Last House Standing and the homeless camps of Baltimore
Ben Marcin has documented the struggle of Baltimore’s homeless through the shanties in backwoods homeless camps and captured lonely last-standing rowhomes in two series documenting transition in Baltimore.
“I got into photography late,” Marcin said. The now 55-year-old software developer at the Social Security Administration got his first camera at age 27 — a couple-hundred dollar Minolta from Sears.
“I’ve run all around Guatemala, India and all over Europe,” Marcin said. “A lot of that has to do with growing up in Germany. We traveled a lot.”
“I used to do all my shooting abroad,” the Bolton Hill resident said, starting with that special little Minolta, learning to shoot on the fly. He eventually switched to a larger format — one that costs $8 a negative and you’re lucky if you get 10 shots a day, he said.
Marcin has spent the last few years documenting homeless camps and abandoned solo rowhouses in and around Baltimore. The work has been showcased in two of his photographic series (“The Camps”, “Last House Standing”) which have been shown in galleries across the country.
“Over the last 5 years, I’ve been getting a lot of my good photographs here in town,” Marcin said.
Five years ago, Marcin went back to using a smaller camera — the Canon 5D Mark II, almost solely with a 24-105mm lens — which allows him to get in and out of areas quickly and make more than one shot.
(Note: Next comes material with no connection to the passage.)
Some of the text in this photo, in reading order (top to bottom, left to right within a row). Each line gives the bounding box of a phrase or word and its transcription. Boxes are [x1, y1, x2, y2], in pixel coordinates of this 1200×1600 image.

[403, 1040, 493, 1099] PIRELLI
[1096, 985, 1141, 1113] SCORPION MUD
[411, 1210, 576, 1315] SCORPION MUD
“I always liked that part of photography,” Marcin said. “I like to be like a jazz musician and go out and start riffing and things come to me.”
But Marcin says a lot of his work happens naturally, and often times in the places where people live and interface – directly or indirectly – with nature. The series Marcin has worked on all have a similar aesthetic and feel — places on the edge where people live in the transition, he said.
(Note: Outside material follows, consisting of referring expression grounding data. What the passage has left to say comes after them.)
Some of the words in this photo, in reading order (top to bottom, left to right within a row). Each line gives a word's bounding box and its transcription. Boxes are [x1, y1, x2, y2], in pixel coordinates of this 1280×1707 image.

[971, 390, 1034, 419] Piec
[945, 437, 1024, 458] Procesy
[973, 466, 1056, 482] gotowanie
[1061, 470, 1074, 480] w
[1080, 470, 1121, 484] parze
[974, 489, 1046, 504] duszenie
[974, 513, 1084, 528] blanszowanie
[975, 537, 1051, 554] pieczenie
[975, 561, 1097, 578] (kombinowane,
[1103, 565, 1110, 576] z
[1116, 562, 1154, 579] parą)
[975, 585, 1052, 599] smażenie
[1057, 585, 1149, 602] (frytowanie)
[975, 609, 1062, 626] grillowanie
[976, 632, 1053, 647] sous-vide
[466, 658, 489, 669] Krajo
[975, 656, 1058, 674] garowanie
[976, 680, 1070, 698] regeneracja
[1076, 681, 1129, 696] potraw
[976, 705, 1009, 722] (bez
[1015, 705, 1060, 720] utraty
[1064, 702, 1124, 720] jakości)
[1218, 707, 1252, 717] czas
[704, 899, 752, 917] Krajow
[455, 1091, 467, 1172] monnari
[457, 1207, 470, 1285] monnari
“They’re mostly centered, taking a direction toward oblivion, and it’s not always a happy piece,” Marcin said. “But they’re not really happy or sad. There’s one subject, dead in the center. Although the images are all about people, you’ll never see a person. And that’s a very conscious choice.”
“They’re kind of like me,” Marcin said. “I was a bit of a loner in life by choice. And these subjects are standing out there by themselves.”
Marcin prefers to bike through the neighborhoods in East and West Baltimore on his hunt for the Last House Standing. He’ll explore Google Maps and plot out points where the vacant streets have only left one house standing alone after all the neighboring homes have been torn down.
“I was more interested in the transition, not the ruin,” Marcin said.
And in 2011, Marcin spent time documenting homeless camps in and around Baltimore, behind the M&T Bank Stadium, under bridges, and in the woods. A long-time hiker logging more than 5,600 miles (a minimum of 2.5 hours each), Marcin stumbled across the camps and began revisiting and documenting the sites.
“Some are occupied, some are abandoned, sometimes you can’t tell,” Marcin said. “The rowhomes were the last house standing, these homeless houses are the last stand,” Marcin said.
While none of the camps are left, several of the rowhomes remain. Marcin has tasked himself with going back and revisiting the homes he has photographed over the past four years to create diptychs of the ones that do.
Credit: Ben Marcin
Ben Marcin’s work can be seen at benmarcinphotos.com, and has been on display at the C. Grimaldis Gallery in Baltimore.
*This article has been corrected to reflect Ben Marcin’s correct place of employment. Marcin is a software developer at the Social Security Administration.